Smith was very distraught to hear about his marks, so he skipped his lunch break and sat in the bathroom for two hours trying to figure out what he was going to do. He finally came up with a plan.

“I changed the ‘F’ to an ‘A’ and I changed the ‘D’ to a ‘C’ which he (my stepfather) still found,” says Smith. “I can’t remember how many licks I got, but strangely enough I received A’s and B’s after that. It wasn’t out of respect to him, but it was because I feared him, out of wrath.”

Unfortunately, the physical abuse from Smith’s stepfather didn’t stop there.

“I ended up getting a beating with my hands tied behind my back while I was blindfolded,” Smith says. “I was beat with a bullwhip.”

Only way he could express himself, was with his fists

During these very troubled times, young Smith couldn’t open up to anybody about the physical abuse he was receiving. The only way he could express himself was opening up through his fists by beating people up throughout his college years and adult life. Smith felt it was justified by doing these things.

“People that are the victim of a situation get to victimize other people in the next situation, and that justifies based on what happened to you,” Smith says. “I carried that (ordeal) with me throughout university and I didn’t get rid of this problem until much later in life.”

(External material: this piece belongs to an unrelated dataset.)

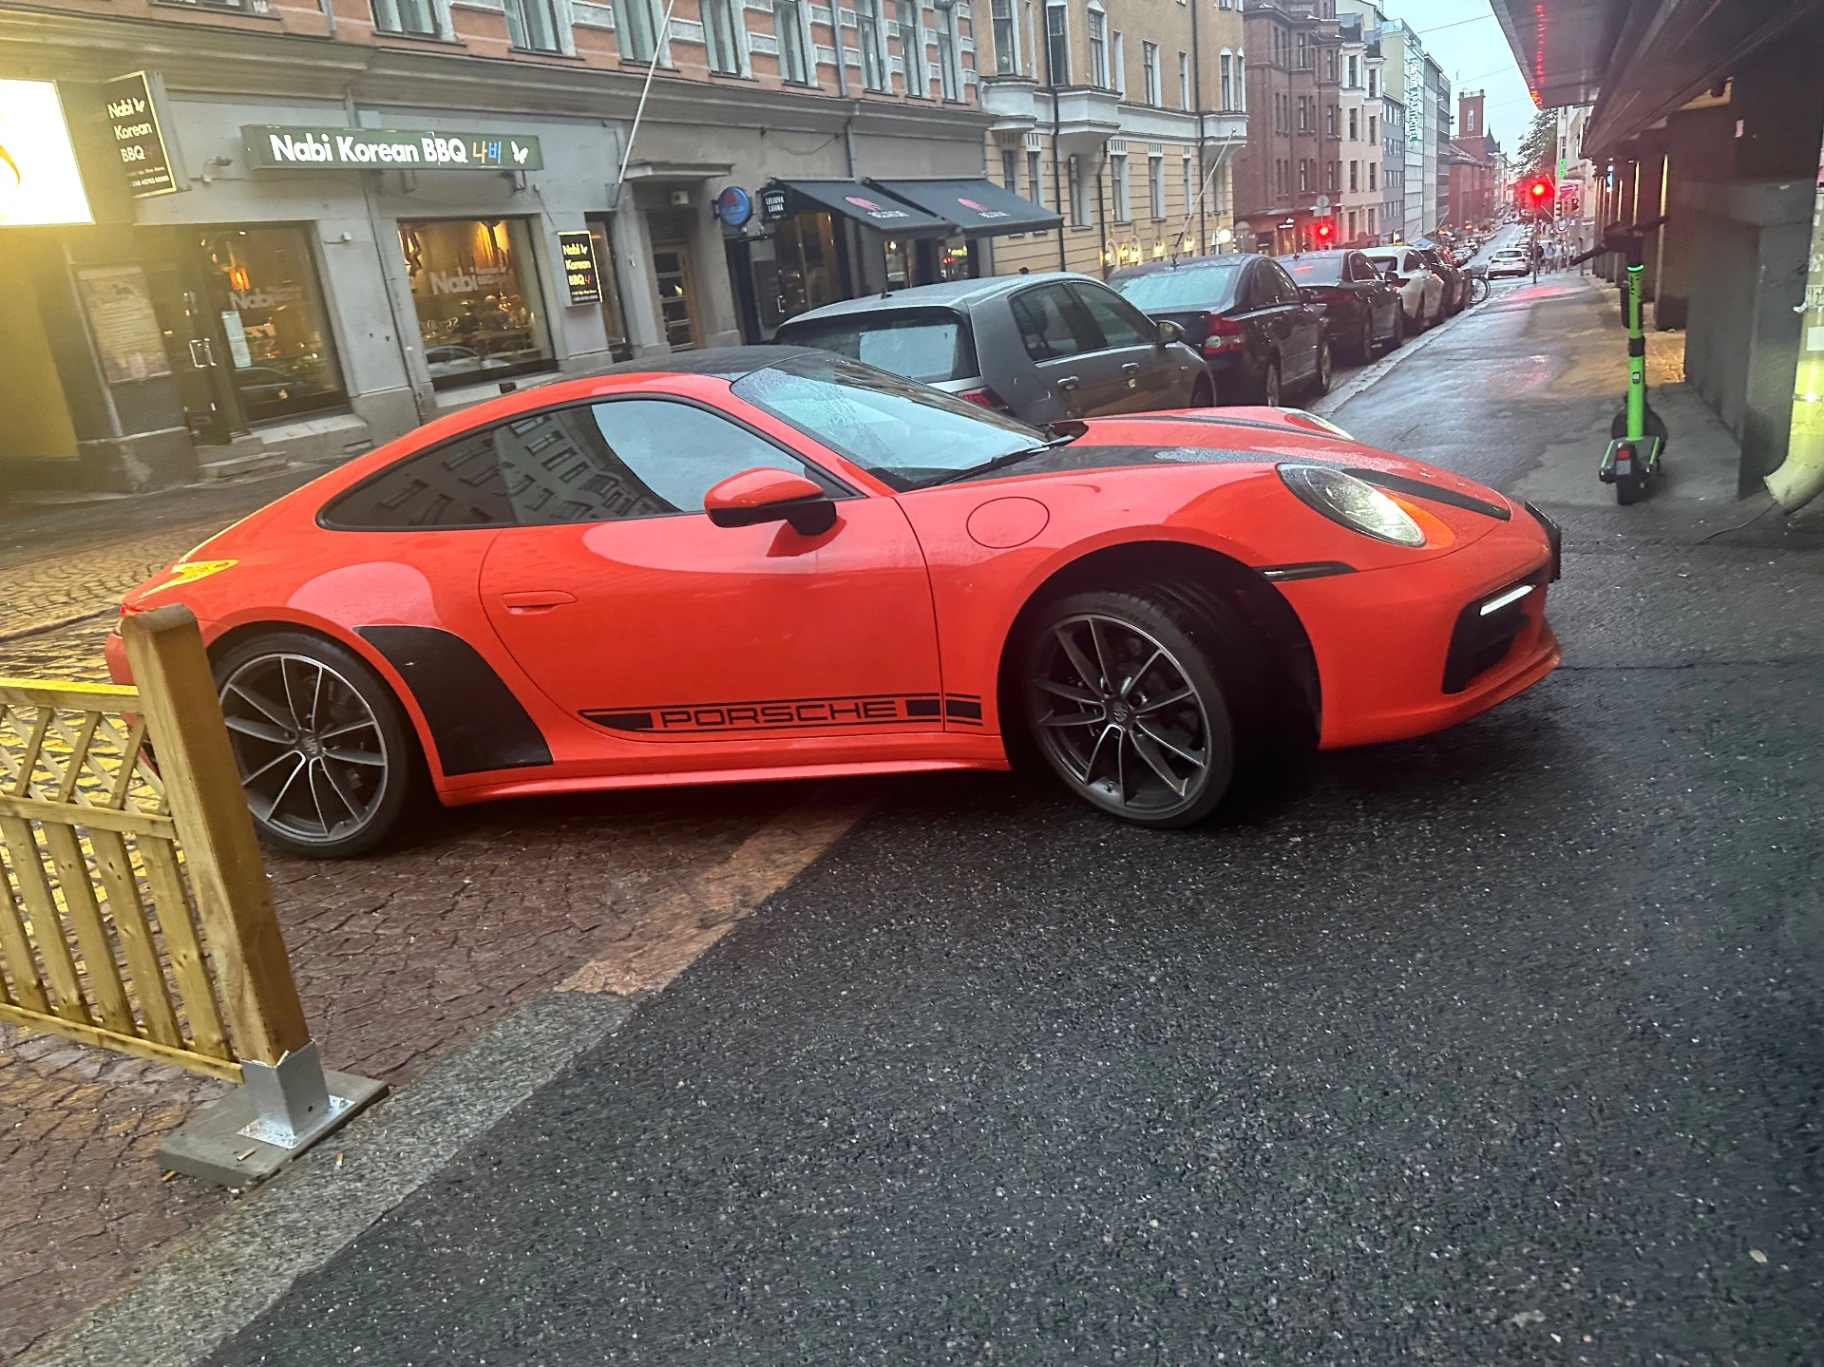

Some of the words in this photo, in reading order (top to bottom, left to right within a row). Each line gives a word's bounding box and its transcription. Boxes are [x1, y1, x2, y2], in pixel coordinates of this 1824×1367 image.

Smith finally realized that he had a problem he couldn’t fix on his own. “I needed help from a power much greater than myself, so I had to admit that I have a problem which I couldn’t fix.”

Smith continued with his emotional struggles throughout his football career with the Canadian Football League. Even after he retired from football, he still kept his problems a secret and that carried over towards his next job where he ended up being a successful real estate agent.

Even though Smith was the No. 1 producer for six consecutive years for his company, he felt empty and lonely, since he kept the abuse bottled up inside of him. He felt like he wasn’t giving anything back to the people around him. It wasn’t until the mid 1990’s that Smith found his calling towards faith in Christ, a calling that led him to become a pastor.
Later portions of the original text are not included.